Starting in WW I, lawmakers began to expand the absentee voting system setup for soldiers overseas to Americans serving the greater good away from home, such as railroad workers who would be gone for long stretches.

“Before that, there had really been a close adherence to residency requirements and voting near home,” said Keyssar. “It starts with soldiers, but then the same logic applies to others who, because of their work, are unable to be in town on Election Day. And the thought was they should not be disenfranchised as a result.”

In fact, Keyssar argues, war has been responsible for many of the big advances in voting rights in U.S. history, as people who had served their country demanded a say in its affairs, from propertyless veterans of the War of 1812, to the women who sacrificed on the homefront of WW I before being granted the right to vote the year after the war ended, to the young men of the Vietnam War era who could be drafted at 18 but (until the ratification of the 26th Amendment in 1971) couldn’t vote until they turned 21.

Now, many liken the fight against the coronavirus to a war. And it is already expanding voting rights as some states lower barriers to casting a ballot.

“That’s the logical trajectory,” said Keyssar. “We’re not in normal times.”

“Quagmire of politicization”

Some members of Congress want to go let all Americans take advantage of the voting rights now given to members of the military and other citizens living overseas.

Today, everyone has come to agree that members of the military should be able to vote while deployed and Congress has made it as simple as possible for them.

Overseas voters also can register to vote and request an absentee ballot at the same time, with one easy form. They can receive their blank ballot by mail, fax or email. And they will automatically be sent an absentee ballot for every election in the upcoming year, instead of having to request one each time.

There’s even an emergency backup ballot if the absentee ballot doesn’t arrive in time. It’s a blank, universal write-in ballot that can be used for any election in any state. It can be printed out and returned mail, postage paid.
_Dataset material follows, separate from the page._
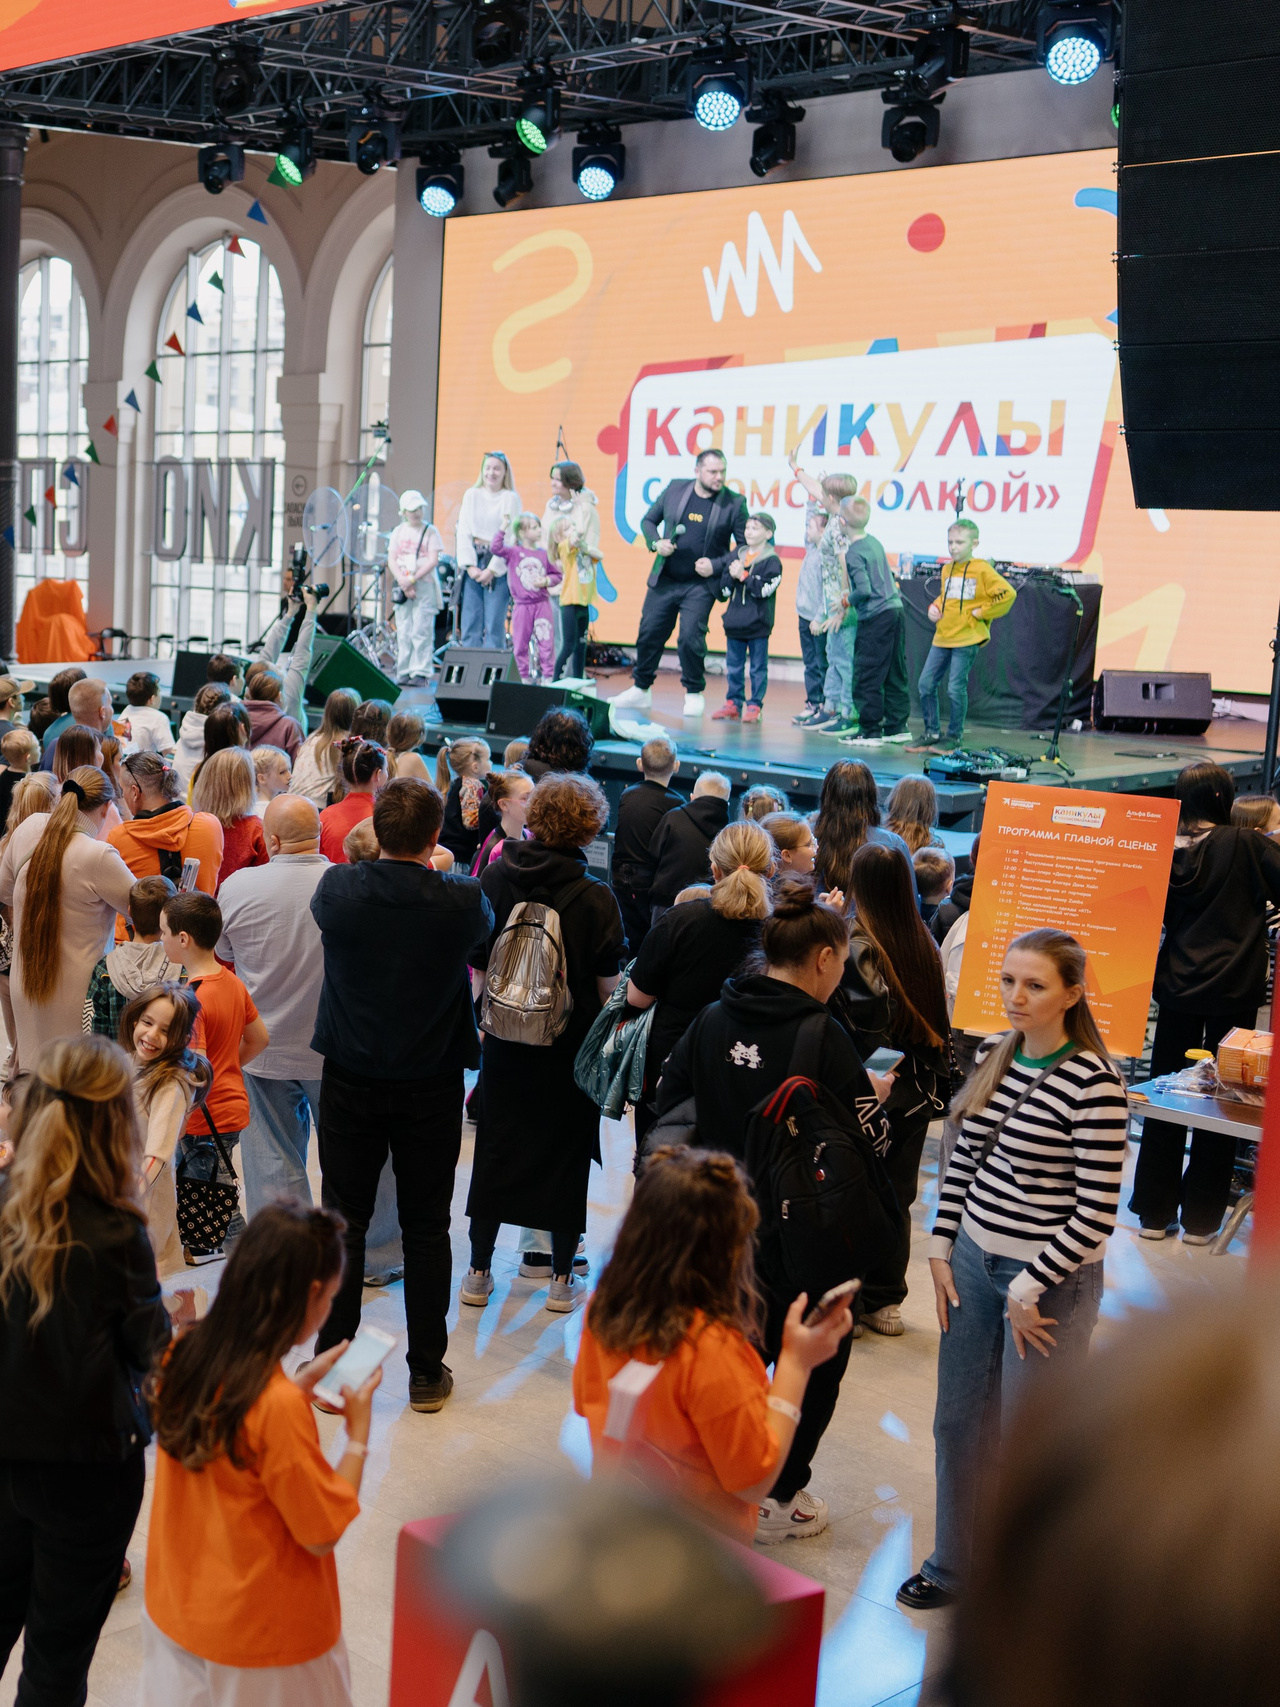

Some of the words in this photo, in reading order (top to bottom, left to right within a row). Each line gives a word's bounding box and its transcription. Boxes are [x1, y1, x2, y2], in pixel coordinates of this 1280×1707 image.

“It is easier to vote from overseas than in the U.S. in a lot of ways,” said Susan Dzieduszycka-Suinat, the president and CEO of the U.S. Vote Foundation and Overseas Vote Initiative. “Domestic is a quagmire of politicization and a victim of partisan politics, whereas overseas and military voting is not.”
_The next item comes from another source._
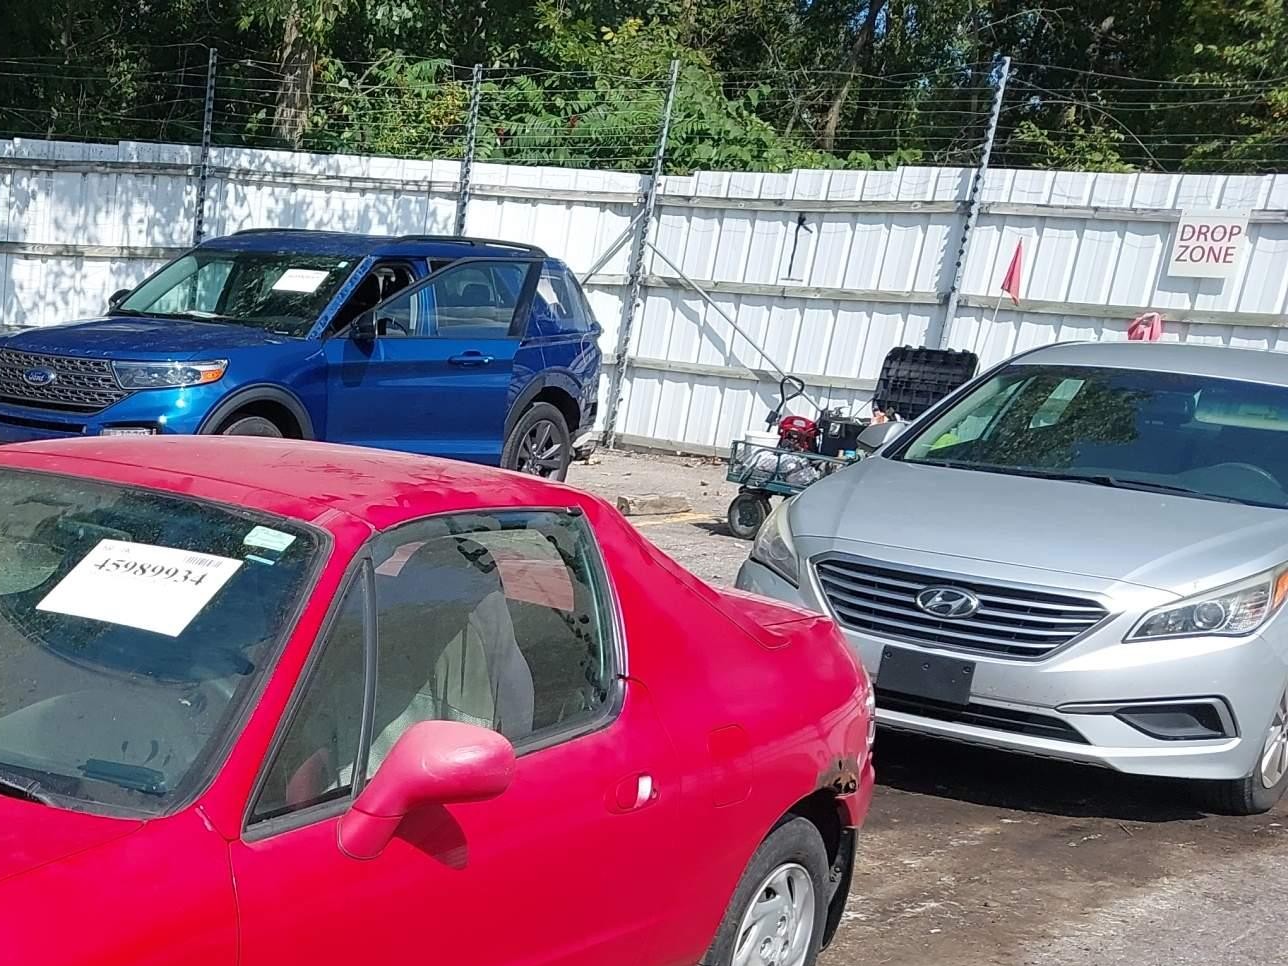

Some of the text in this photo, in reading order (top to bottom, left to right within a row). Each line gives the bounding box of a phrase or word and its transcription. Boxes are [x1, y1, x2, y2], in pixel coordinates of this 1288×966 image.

[1179, 224, 1242, 243] DROP
[1174, 244, 1236, 264] ZONE
[93, 557, 209, 586] 45989934
Members of the Army National Guard fill out absentee voter ballots for the presidential election while temporarily stationed along the New Jersey coastline to help with Superstorm Sandy clean up on Nov. 6, 2012 in Bay Head, N.J.Andrew Burton / Getty Images file

While elections are run by individual states, there’s a federal agency under the Department of Defense that standardizes the process for both military and civilians overseas. And it provides information and assistance through a call center, website and voting assistance officers stationed at major military bases.

“Active duty service members are highly mobile, can move every two or three years or may deploy during an election year,” said Meghan Kelly, state legislative affairs specialist at the Federal Voting Assistance Program, part of the Pentagon. “Civilian overseas voters may have limited access to resources they can lean on for assistance. For all of these voters, awareness of the FVAP program and resources help overcome those challenges.”

A model?

As election officials prepare to grapple with the coronavirus, some advocates, experts and lawmakers want to make the emergency backup ballot available to any American who does not receive their absentee ballot in time.

In Wisconsin’s recent election, at least 9,000 absentee ballots were never sent to voters who requested them, while others reported receiving their ballots too late.

Democratic Sens. Ron Wyden of Oregon and Amy Klobuchar of Minnesota, among others, are seeking to amend the Uniformed and Overseas Citizens Absentee Voting Act to let some of its provisions apply to Americans stuck at home.

“None of this reform would have ever happened were it not for the military voter,” said Dzieduszycka-Suina. “The fact that these people are serving the country superseded all partisanship.”